[Images for object localization]
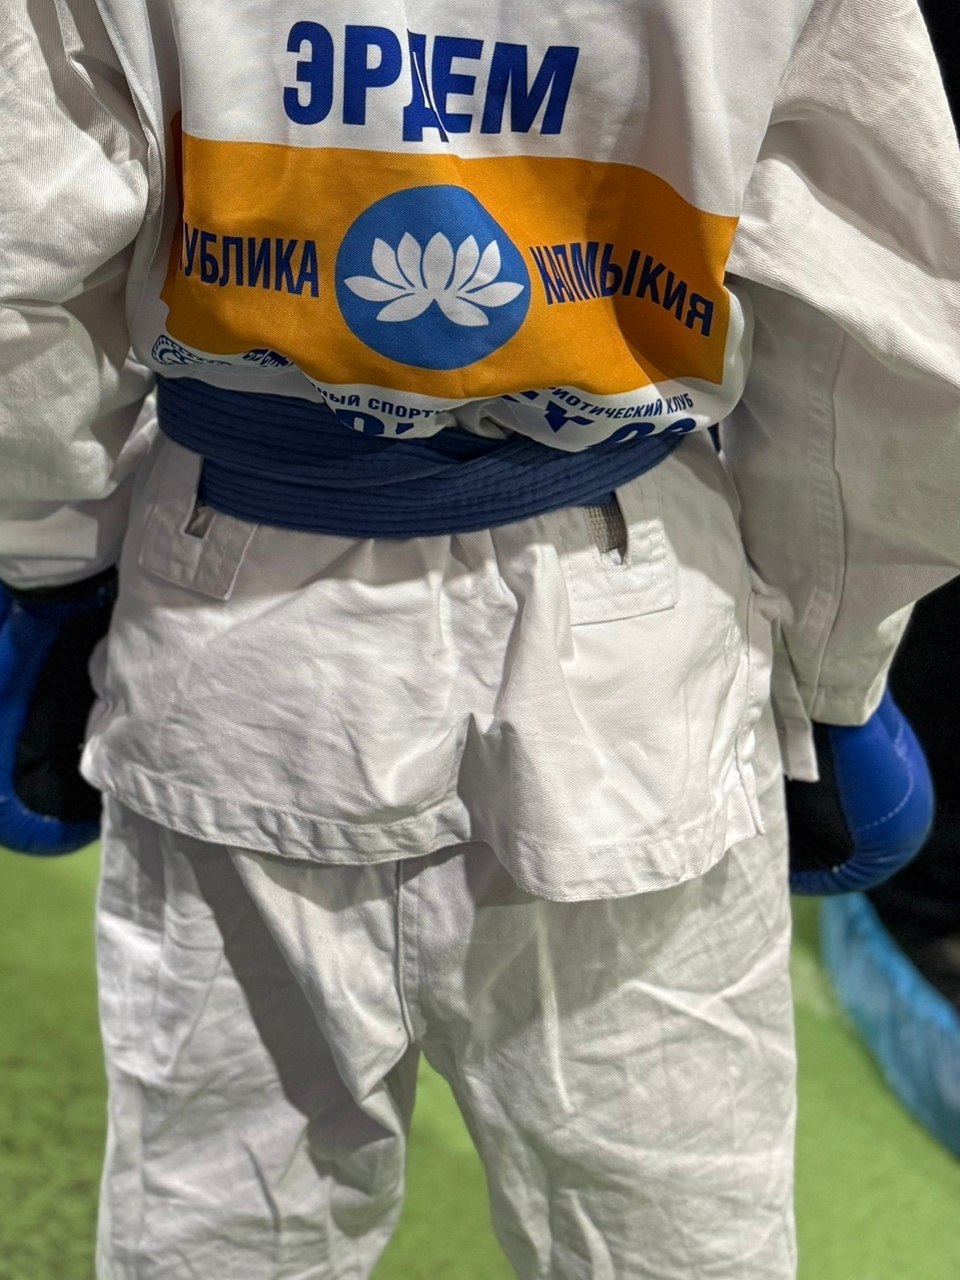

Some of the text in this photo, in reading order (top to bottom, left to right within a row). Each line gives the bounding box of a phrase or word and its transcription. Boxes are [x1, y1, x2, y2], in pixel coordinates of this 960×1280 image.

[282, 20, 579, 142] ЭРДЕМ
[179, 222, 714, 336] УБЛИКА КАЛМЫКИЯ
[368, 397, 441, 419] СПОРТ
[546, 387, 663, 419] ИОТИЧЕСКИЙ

To do
Print all the entries again exactly as written, but without the pictures.

Result
Some of the text in this photo, in reading order (top to bottom, left to right within a row). Each line gives the bounding box of a phrase or word and its transcription. Boxes are [x1, y1, x2, y2], in pixel coordinates of this 960×1280 image.

[282, 20, 579, 142] ЭРДЕМ
[179, 222, 714, 336] УБЛИКА КАЛМЫКИЯ
[368, 397, 441, 419] СПОРТ
[546, 387, 663, 419] ИОТИЧЕСКИЙ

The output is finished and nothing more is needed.